Ripamonti, il mago delle Funivie (ferme)

C’è chi ha l’arte del salto con l’asta, chi del salto in politica. Poi c’è Paolo Ripamonti, che sembra essersi specializzato nel salto… sulle funivie, ferme dal 2019. La sua carriera è un po’ come quei vagonetti: sospesa, ma sempre in movimento.

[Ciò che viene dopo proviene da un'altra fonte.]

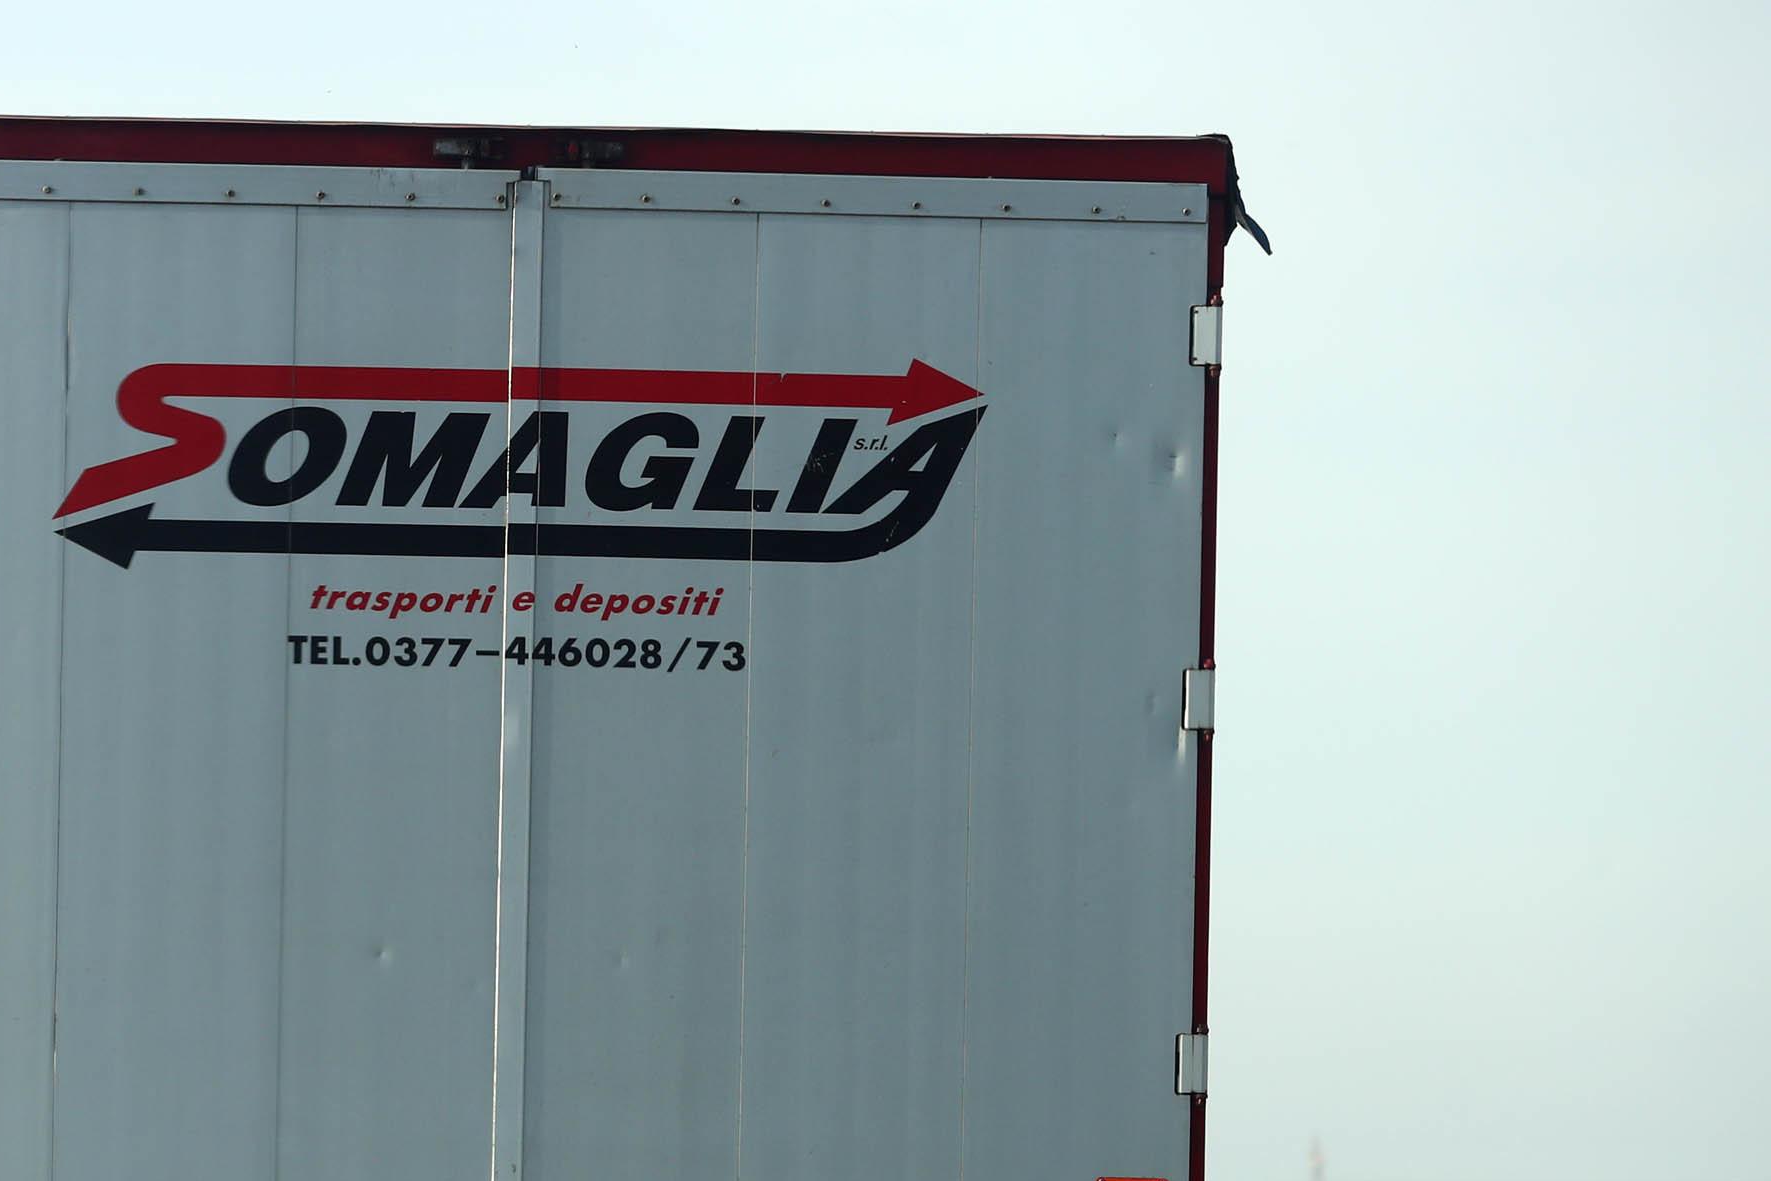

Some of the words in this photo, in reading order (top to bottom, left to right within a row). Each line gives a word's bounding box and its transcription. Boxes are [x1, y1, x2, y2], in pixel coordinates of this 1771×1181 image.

[53, 361, 987, 550] SOMAGLIA
[854, 433, 889, 453] s.r.l.
[310, 584, 496, 617] trasporti
[513, 590, 536, 613] e
[553, 584, 724, 621] depositi

Dall’assessorato regionale alla crisi complessa (un titolo che già dice tutto), fino alla fresca nomina a commissario delle Funivie, grazie a una spintarella niente male dal suo mentore Rixi, Ripamonti si prepara a far decollare un’infrastruttura che da anni non decolla affatto.

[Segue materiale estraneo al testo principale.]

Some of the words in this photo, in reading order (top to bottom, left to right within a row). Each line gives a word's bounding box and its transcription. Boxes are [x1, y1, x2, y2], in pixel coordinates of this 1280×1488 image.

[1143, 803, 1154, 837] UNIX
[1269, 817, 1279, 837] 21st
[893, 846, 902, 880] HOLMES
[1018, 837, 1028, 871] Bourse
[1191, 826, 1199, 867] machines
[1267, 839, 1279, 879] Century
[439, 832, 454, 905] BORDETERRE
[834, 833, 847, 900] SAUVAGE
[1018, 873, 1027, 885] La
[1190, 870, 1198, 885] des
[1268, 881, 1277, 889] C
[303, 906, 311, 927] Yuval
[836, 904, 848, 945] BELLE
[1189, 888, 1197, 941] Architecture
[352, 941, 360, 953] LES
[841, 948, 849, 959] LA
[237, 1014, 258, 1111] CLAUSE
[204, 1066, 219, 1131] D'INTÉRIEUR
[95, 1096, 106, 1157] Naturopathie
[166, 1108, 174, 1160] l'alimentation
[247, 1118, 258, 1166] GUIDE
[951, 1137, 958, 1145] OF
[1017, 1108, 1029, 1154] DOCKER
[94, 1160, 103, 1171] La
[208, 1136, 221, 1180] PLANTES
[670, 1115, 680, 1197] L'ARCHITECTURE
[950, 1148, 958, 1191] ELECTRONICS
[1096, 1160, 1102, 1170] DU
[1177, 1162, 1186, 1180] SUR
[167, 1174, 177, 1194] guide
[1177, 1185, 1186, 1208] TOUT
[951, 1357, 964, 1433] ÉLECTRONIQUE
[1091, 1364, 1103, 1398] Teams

Il passaggio di consegne è stato impeccabile: Marco Bucci, inizialmente indicato come commissario, ha subito deciso che, in fondo, la crisi complessa era una faccenda per l’uomo delle missioni impossibili. Così ha affidato l’incarico al nostro Paolo, che da senatore si era già occupato del tema – e infatti i risultati si vedono (o meglio, non si vedono).

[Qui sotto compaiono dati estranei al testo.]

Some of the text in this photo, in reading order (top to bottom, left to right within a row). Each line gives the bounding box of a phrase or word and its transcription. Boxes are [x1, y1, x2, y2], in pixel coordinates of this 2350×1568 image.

I sindacati, curiosamente, sembrano soddisfatti. «La nomina di Ripamonti era quello che chiedevamo», ha dichiarato Danilo Causa della Cisl. Certo, in mancanza di funivie funzionanti, almeno un nome noto può confortare. E poi, per carità, meglio un volto familiare che l’ennesimo esperto ministeriale con idee strane tipo… far ripartire davvero l’impianto. Soddisfazione anche dall’opposizione, stima da parte di Arboscello
Ma attenzione, perché Ripamonti non si occuperà solo di piloni franati e vagonetti arrugginiti: in gioco c’è anche l’uso delle aree di Bragno come zona retroportuale e il traffico merci su rotaia. Una bella sfida, per un assessore che finora ha navigato più nei corridoi della politica che sui binari delle infrastrutture.
Nel frattempo, i 45 funivieri rimasti si dedicano alla manutenzione, nella speranza di tornare un giorno a fare i funivieri veri. Alcuni inizieranno persino un corso per manovrare i treni: d’altronde, meglio essere pronti per un futuro incerto che continuare a spolverare cavi inutilizzati.
E così, tra un plauso sindacale e un’occhiata dubbiosa dai lavoratori, Ripamonti si appresta a lasciare un segno (si spera positivo) anche su questa infrastruttura storica. Riuscirà il nostro eroe a rimettere in moto i vagonetti? O si limiterà a farli sembrare vivi come il resto della politica regionale? Ai posteri – o meglio, ai piloni – l’ardua sentenza.